Biden’s first Pentagon budget increase small…but still an increase


President Biden’s first Pentagon budget disappoints. While being transformational on domestic affairs, Biden is same old, same old in foreign policy; more money for the military.
He’s proposed $753 billion for defense, up 1.8% over Trump’s last budget of $740 million.
America deserved a decrease for several reasons. Why an increase when America is winding down one war, Afghanistan, this year, and negotiating an end to its neighboring war in Iraq. That alone should save billions to house and supply roughly 6,000 troops in 2 countries who want them out.
We could also save billions by reducing our large troop contingents in Germany and South Korea. There is no need for 28,000 troops in South Korea and 36,000 troops in Germany. Neither country is under threat while both have the capability to handle any future enemy. A big reason they do little to prepare for potential threat is reliance on Uncle Sam.
They spend their treasure to uplift their societies. America does the reverse; spending its treasure to prop up client states while letting American infrastructure crumble.
Speaking of reverse, how about American’s reverse Monroe doctrine. It’s supposed to be that foreign countries must stay out of America’s neighborhood. But it’s morphed into the whole world becoming America’s neighborhood in which only America can interfere.
This simply serves the interests of the Military-Industrial Complex which need new Cold War against both Russia and China to keep the expanding defense spending.
Defense spending is a misnomer. Ever larger defense budgets are mainly offensive in two senses. They promote offensive U.S. militarism worldwide. They are an offense to the need for investment in America and its people suffering to feed the beast of unbridled militarism.

Tuesday, June 08, 2021

Biden mimicking Trump’s ‘shortsightedness on Open Skies Treaty


President Joe is accomplishing and plugging for many good things on domestic issues. But he continues to flounder on foreign policy.
His latest miss step is putting the final nail into the Open Skies
Treaty that Trump dumped just 2 months before leaving office.
Ratified in 2002, it allows the U.S. and Russia to spy on each other’s military movements with unarmed reconnaissance flights. Besides providing mutual, valuable military information of each other, it helped bind together the world’s 2 nuclear superpowers to reduce tensions that could lead to misunderstanding, even war.
Dumping valuable nuclear and military safeguards with Russia was a core policy for Trump. He withdrew from the 1987 INF Treaty that had secured removal of nearly 2,700 American and Russian intermediate range nuclear weapons.
He left office without renewing for five years the New Start Treaty first implemented in 2011 and renewed in 2016. Set to expire February 21, 2021, Biden’s first call to Russia’s Putin was to complete the renewal good till February, 2026.
Why Biden has whiffed on doing the same for Open Skies is a mystery. He campaigned against Trump’s foolishness, calling it ‘shortsighted.’ Open Skies was especially helpful to U.S. European allies who used it to keep tabs on Russian troop movements on their borders, such as the recent buildup near Ukraine.
Biden and Putin hold a summit in just 9 days. Completing the withdrawal from Open Skies casts a pall on it securing any new substantive arms control agreements.
Instead of ‘open skies’ we have ‘open season’ to escalate tensions in America’s new Cold War against Russia.

Sunday, June 06, 2021

Uncle Sam, please arrest Dan Ellsberg for violating 1917 Espionage Act




Danial Ellsberg, 90, is not going quietly into that goodnight. He was prosecuted in 1973 under the Espionage Act for pilfering and disseminating the Pentagon Papers.  Ellsberg only escaped life in prison because Nixon’s ‘dirty tricks’ against him resulted in all charges being dismissed.
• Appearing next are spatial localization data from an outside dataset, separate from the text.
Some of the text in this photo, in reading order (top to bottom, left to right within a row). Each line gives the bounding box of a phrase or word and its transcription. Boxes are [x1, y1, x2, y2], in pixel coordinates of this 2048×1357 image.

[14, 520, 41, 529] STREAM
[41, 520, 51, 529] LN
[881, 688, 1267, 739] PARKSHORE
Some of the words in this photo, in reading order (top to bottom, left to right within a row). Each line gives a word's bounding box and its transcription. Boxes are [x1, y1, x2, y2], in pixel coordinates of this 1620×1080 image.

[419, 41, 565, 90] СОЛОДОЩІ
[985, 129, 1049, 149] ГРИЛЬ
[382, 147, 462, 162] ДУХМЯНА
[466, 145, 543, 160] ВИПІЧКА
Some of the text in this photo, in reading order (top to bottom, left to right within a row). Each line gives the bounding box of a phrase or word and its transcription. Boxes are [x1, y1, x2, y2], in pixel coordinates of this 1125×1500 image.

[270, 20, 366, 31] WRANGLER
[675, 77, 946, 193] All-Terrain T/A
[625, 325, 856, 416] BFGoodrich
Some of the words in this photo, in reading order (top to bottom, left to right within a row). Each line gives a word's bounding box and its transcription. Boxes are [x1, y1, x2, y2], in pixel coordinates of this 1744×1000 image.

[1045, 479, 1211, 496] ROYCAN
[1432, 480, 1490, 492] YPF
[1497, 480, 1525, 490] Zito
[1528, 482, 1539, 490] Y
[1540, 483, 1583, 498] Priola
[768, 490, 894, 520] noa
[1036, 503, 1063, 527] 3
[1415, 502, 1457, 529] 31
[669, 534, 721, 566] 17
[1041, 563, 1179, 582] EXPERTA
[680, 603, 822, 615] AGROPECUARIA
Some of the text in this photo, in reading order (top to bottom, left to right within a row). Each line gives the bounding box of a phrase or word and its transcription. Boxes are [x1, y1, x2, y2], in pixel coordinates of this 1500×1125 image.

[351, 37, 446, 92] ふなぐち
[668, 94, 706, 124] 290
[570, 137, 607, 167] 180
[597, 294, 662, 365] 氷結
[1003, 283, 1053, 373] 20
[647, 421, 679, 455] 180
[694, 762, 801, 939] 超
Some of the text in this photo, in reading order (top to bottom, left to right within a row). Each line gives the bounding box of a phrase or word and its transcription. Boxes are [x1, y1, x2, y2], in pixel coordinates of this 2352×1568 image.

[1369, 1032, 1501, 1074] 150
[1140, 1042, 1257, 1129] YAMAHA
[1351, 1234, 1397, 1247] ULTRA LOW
That was only right because Ellsberg wasn’t spying, aiding a U.S. enemy or seeking the overthrow of our government. He was simply spilling the beans on our criminal war in Vietnam that killed several million for no valid reason at all. His spillage helped degrade support for the war and arguably hastened its end.


The Espionage Act of 1917 and its evil twin, the Sedition Act a year later, were primarily used to stifle dissent and free speech during WWI. Several dozen newspapers were banned from the mails and several thousand war dissenters were jailed in one of the worst episodes curtailing free speech in U.S. history. Socialist presidential candidate Eugene Debs garnered nearly a million votes for prez in 1920 while incarcerated for verbally opposing U.S. involvement in WWI.  


Ellsberg has spent the last 48 years working to end senseless U.S. wars and promote nuclear disarmament. His latest ploy is releasing classified government documents from 1958 that were purloined along with the Pentagon Papers. They reveal top U.S. military officials were lobbying Ike to nuke China over the Taiwan issue involving disputed islands Quemoy and Matsu.


At 90 Ellsberg isn’t concerned about decades in the clink if indicted and convicted for releasing these still top secret archives. He’s betting on his case going to the Supreme Court which may mercifully put the Espionage Act in the unconstitutional penalty box  after 104 years.


If so, Ellsberg can use his remaining free time in society continuing his valiant struggle to end senseless wars and defuse the race to nuclear Armageddon.